» **Activity**: Taking the line with "this 1600×900 image." as the first and the last line of the entries as the final one, copy that span exactly.

Spatial localization data:
——————————

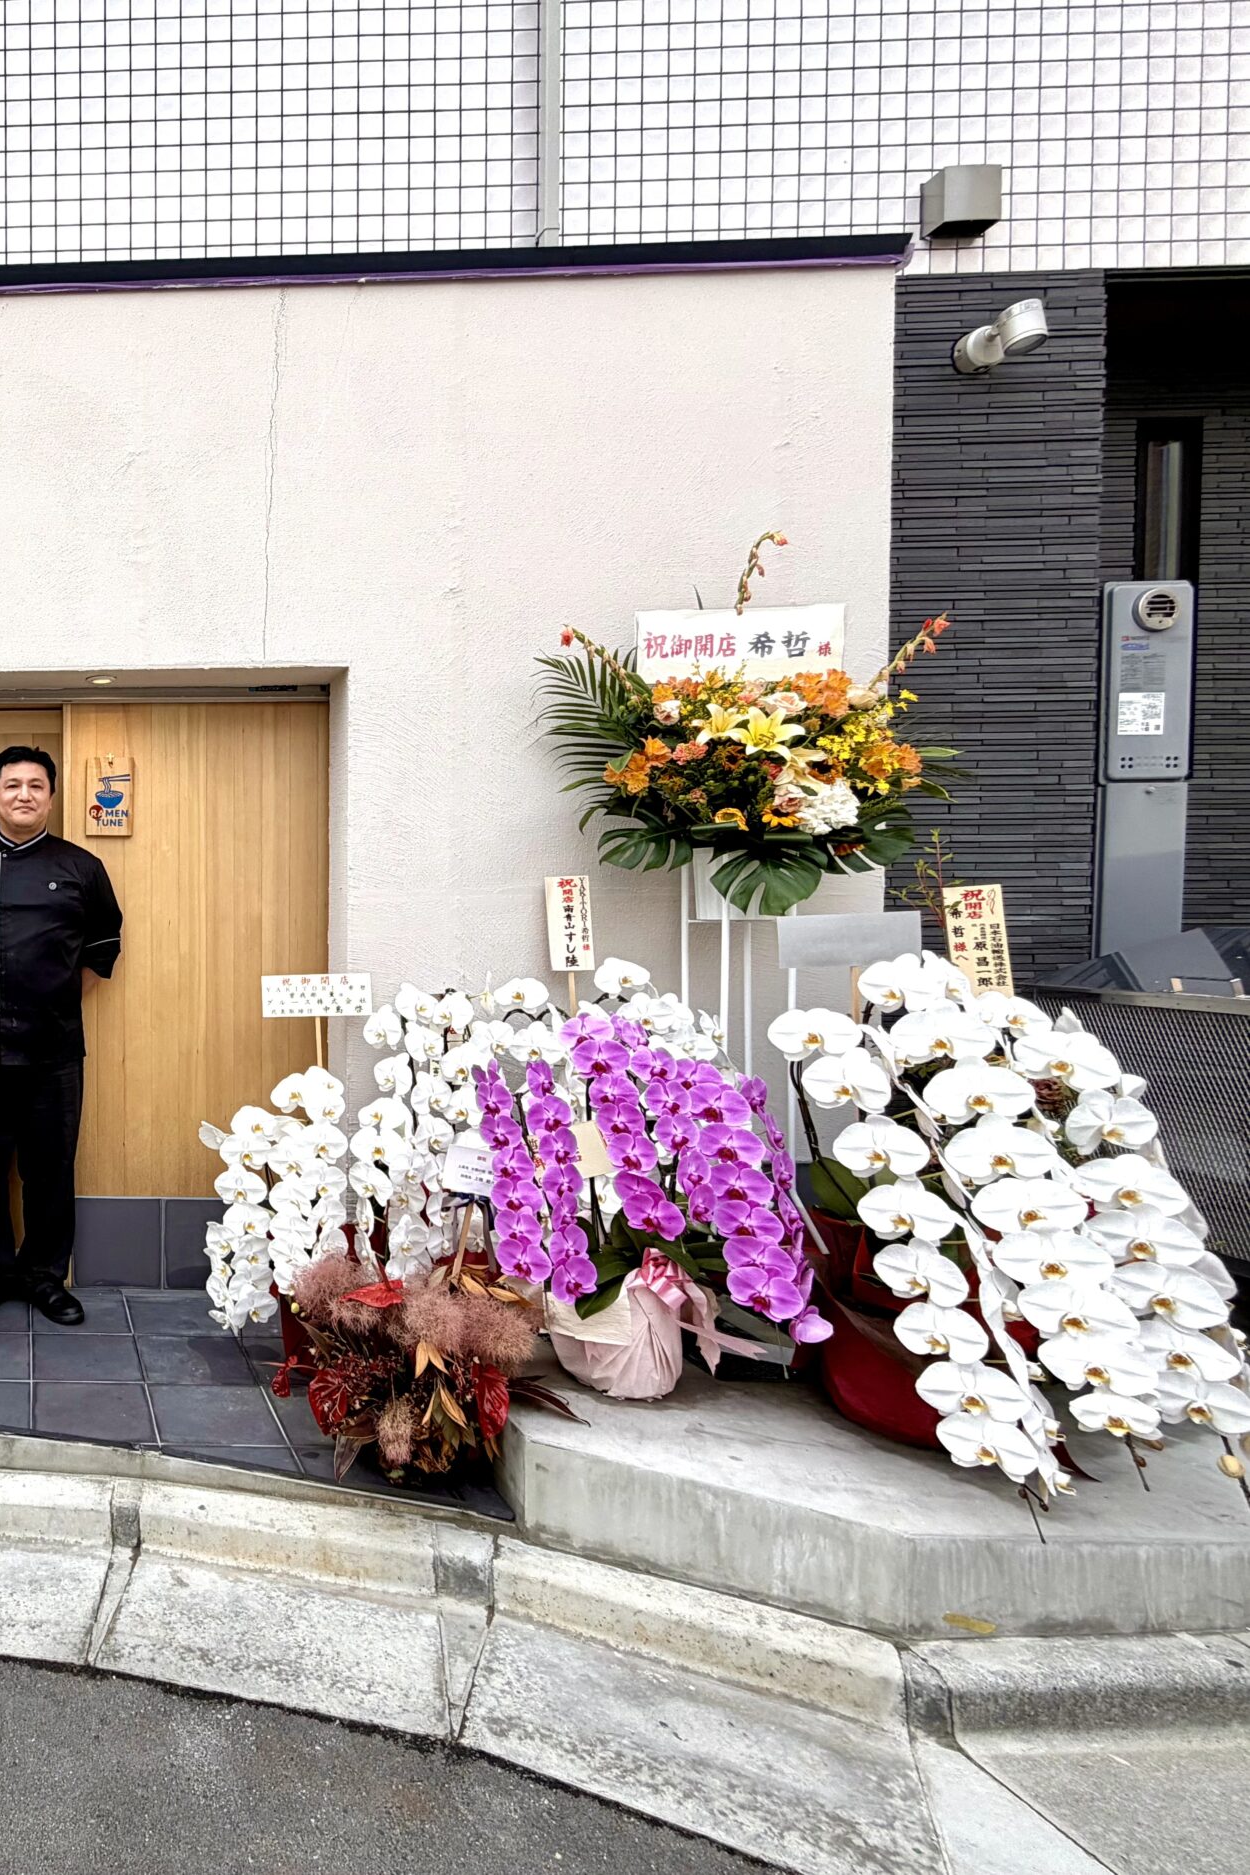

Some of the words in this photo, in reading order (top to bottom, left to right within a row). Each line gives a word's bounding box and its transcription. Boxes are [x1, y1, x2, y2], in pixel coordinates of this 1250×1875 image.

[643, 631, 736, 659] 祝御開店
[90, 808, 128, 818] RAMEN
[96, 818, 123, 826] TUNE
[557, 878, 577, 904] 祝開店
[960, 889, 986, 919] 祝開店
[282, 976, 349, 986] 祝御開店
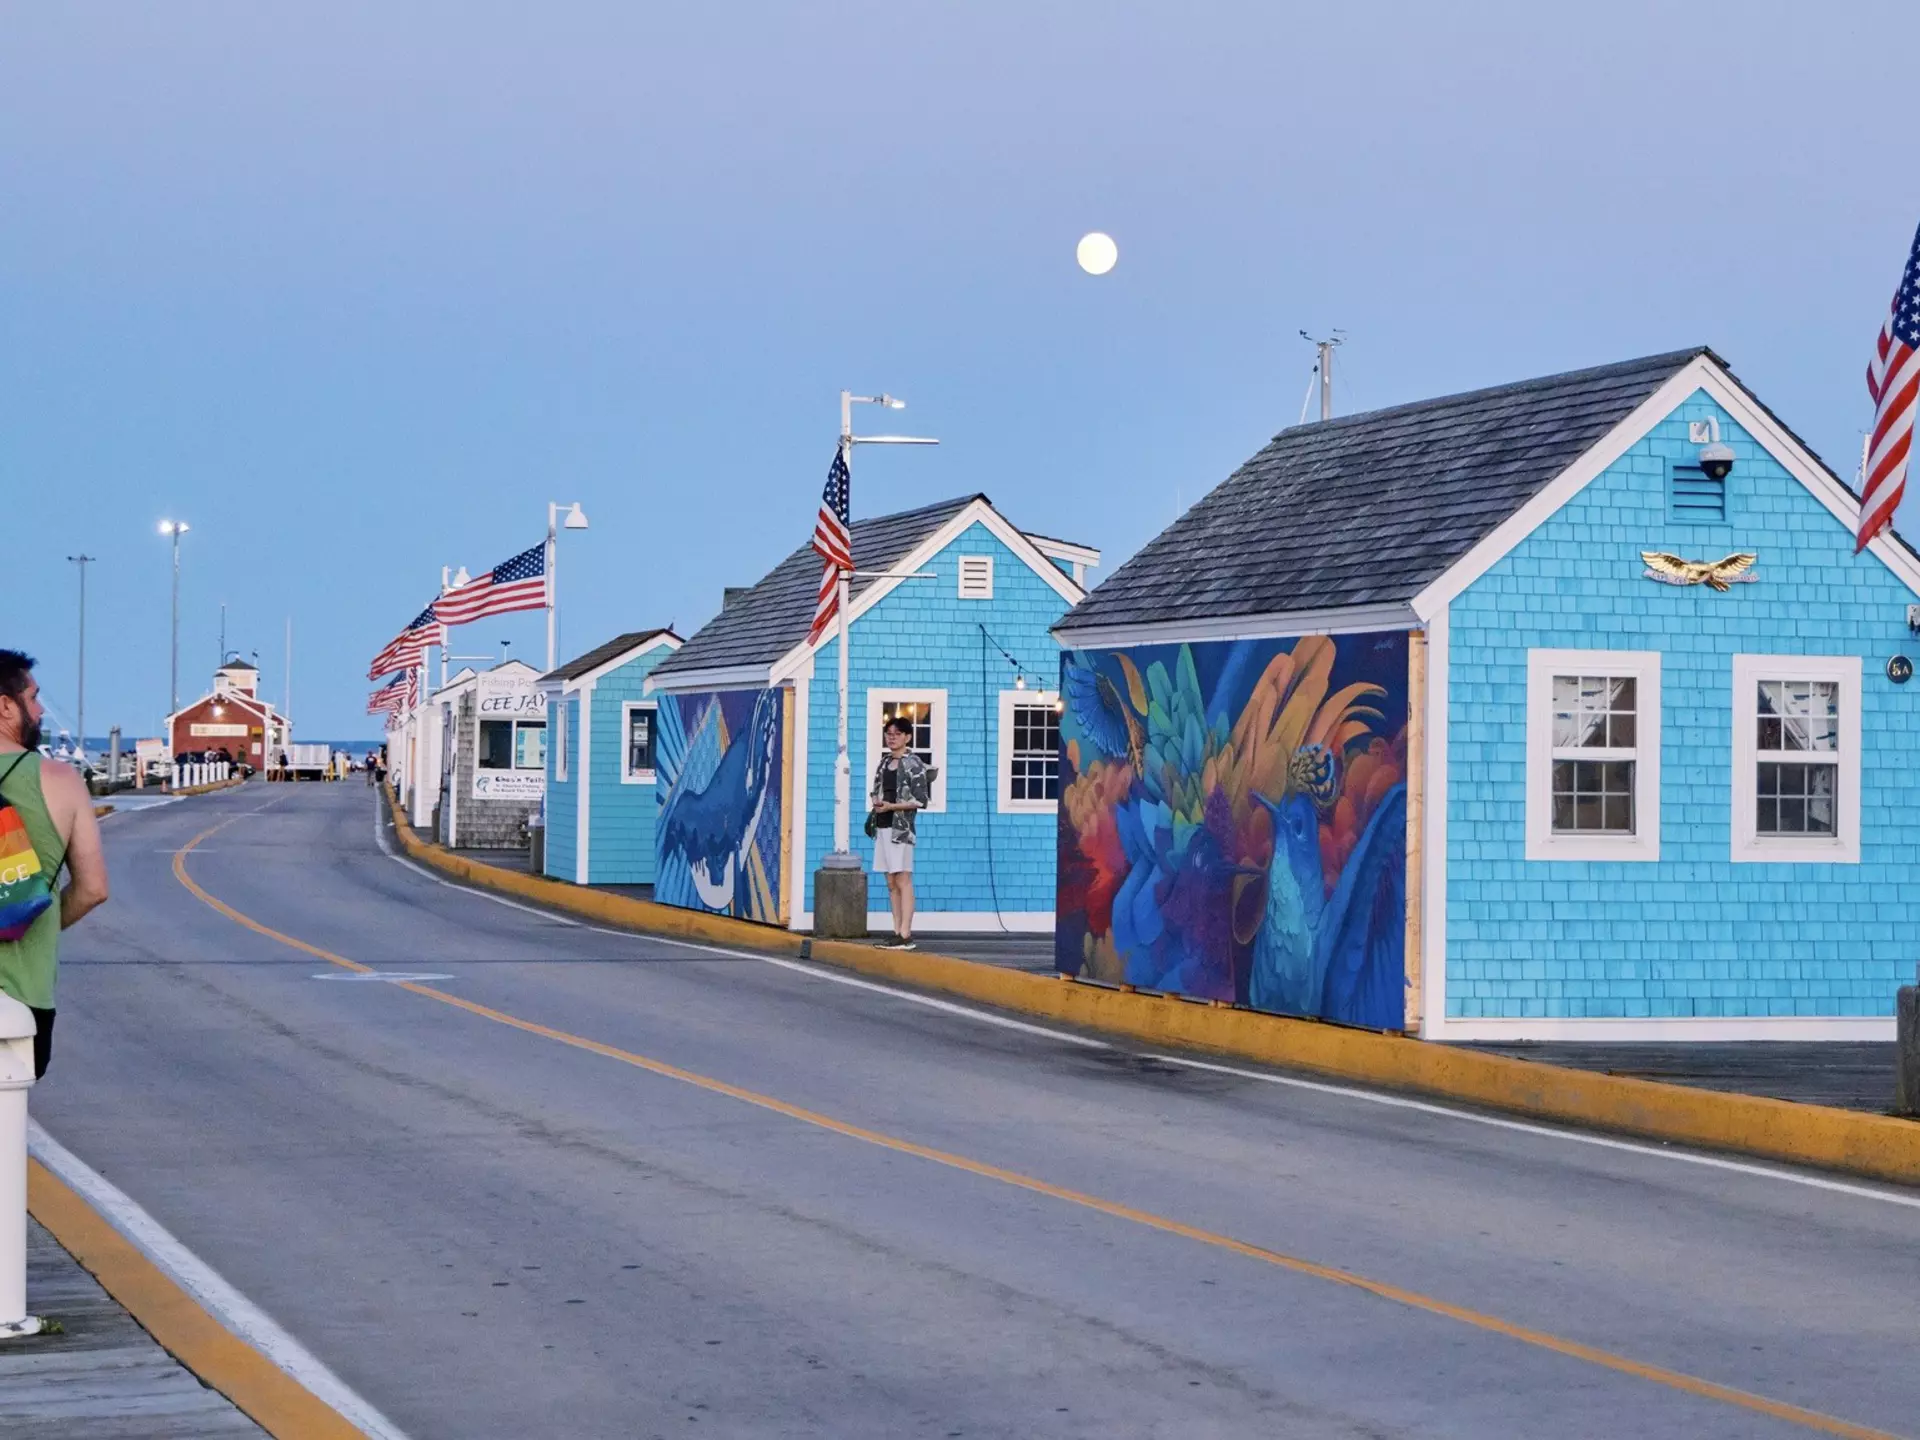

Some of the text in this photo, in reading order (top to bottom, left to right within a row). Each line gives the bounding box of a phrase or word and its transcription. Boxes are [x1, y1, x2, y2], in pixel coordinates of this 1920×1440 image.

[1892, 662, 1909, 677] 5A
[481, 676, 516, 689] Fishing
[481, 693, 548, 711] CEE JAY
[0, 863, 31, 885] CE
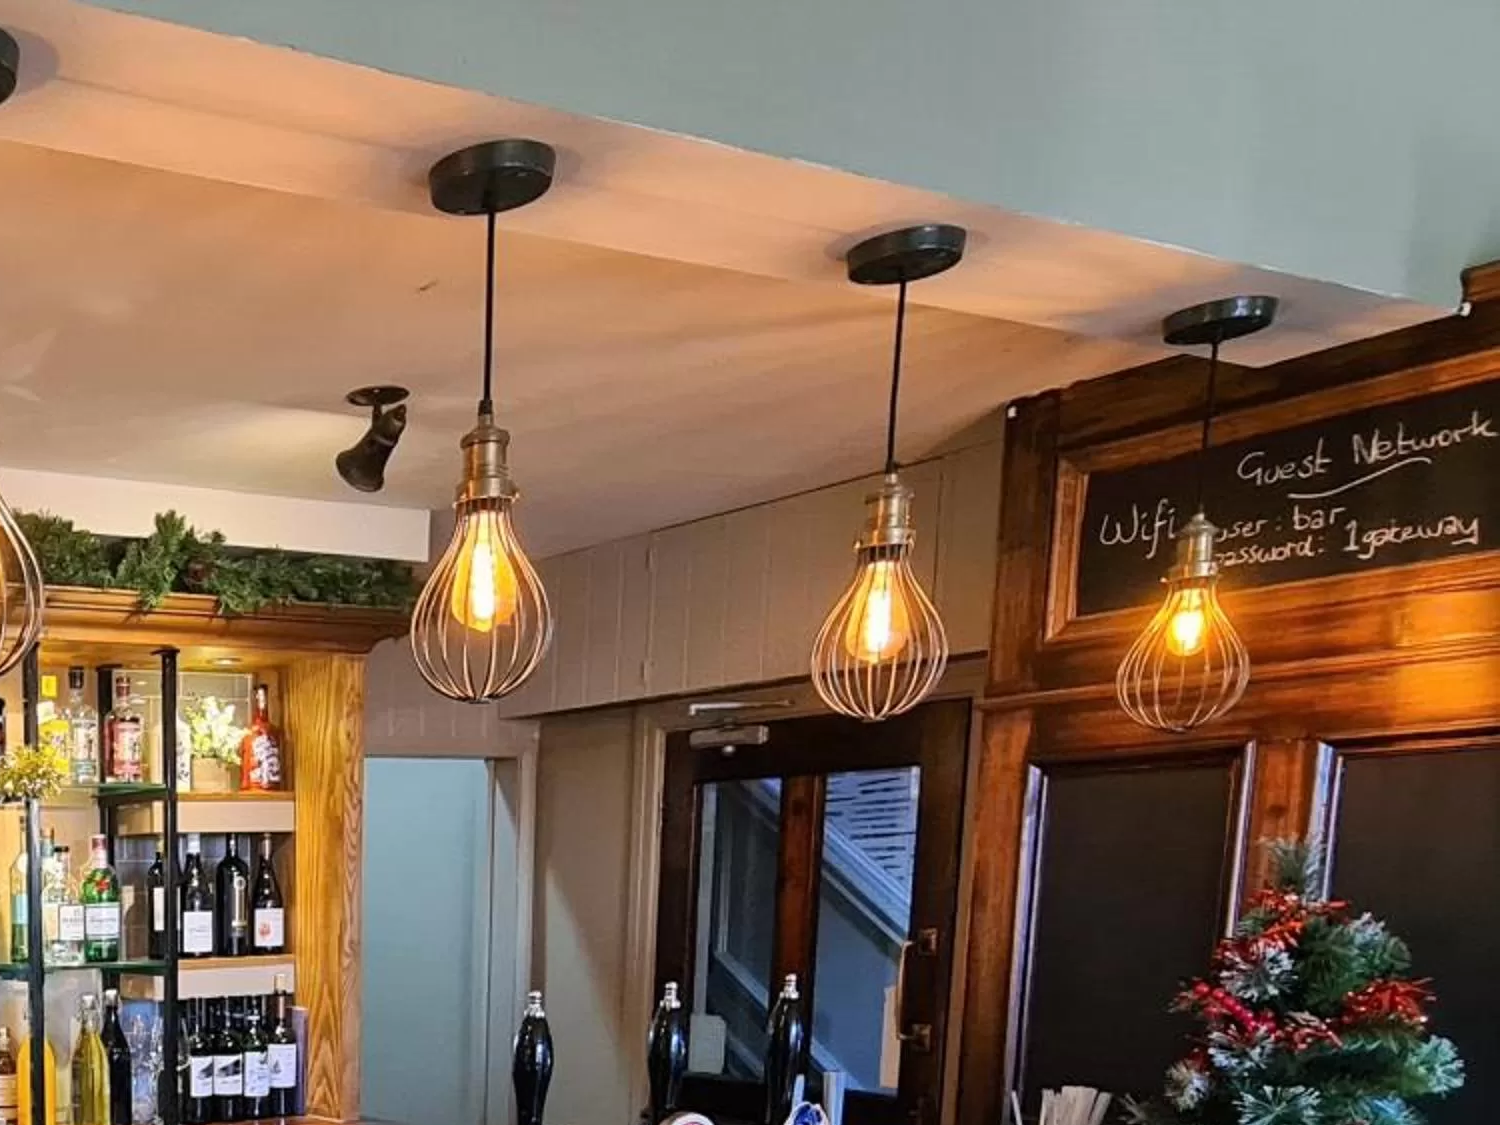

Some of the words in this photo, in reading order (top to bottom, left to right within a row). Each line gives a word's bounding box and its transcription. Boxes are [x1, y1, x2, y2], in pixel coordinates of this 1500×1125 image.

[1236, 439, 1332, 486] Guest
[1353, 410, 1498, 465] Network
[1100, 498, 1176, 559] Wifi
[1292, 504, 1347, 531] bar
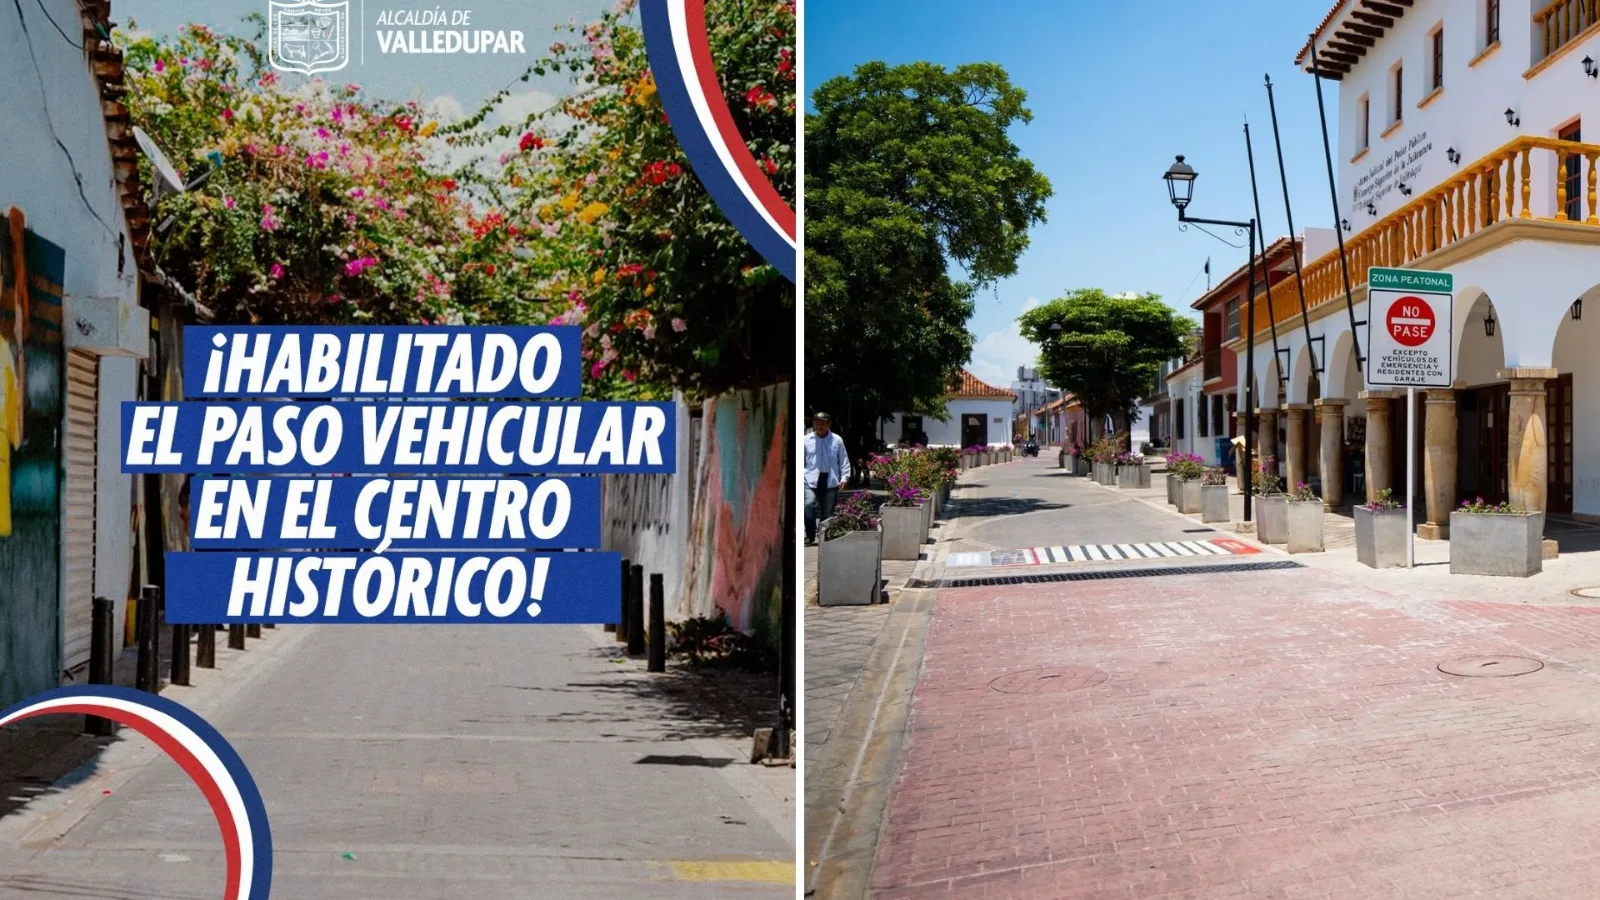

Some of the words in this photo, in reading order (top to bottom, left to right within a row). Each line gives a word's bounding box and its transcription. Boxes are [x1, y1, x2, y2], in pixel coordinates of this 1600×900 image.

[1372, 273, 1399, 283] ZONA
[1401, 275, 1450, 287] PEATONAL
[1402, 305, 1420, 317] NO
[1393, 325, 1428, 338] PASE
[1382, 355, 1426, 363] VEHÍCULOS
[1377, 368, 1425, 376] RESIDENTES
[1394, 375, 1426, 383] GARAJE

——————————

» **Written reply**:
Some of the words in this photo, in reading order (top to bottom, left to right within a row). Each line gives a word's bounding box and its transcription. Boxes are [x1, y1, x2, y2], in pixel coordinates of this 1600×900 image.

[1372, 273, 1399, 283] ZONA
[1401, 275, 1450, 287] PEATONAL
[1402, 305, 1420, 317] NO
[1393, 325, 1428, 338] PASE
[1382, 355, 1426, 363] VEHÍCULOS
[1377, 368, 1425, 376] RESIDENTES
[1394, 375, 1426, 383] GARAJE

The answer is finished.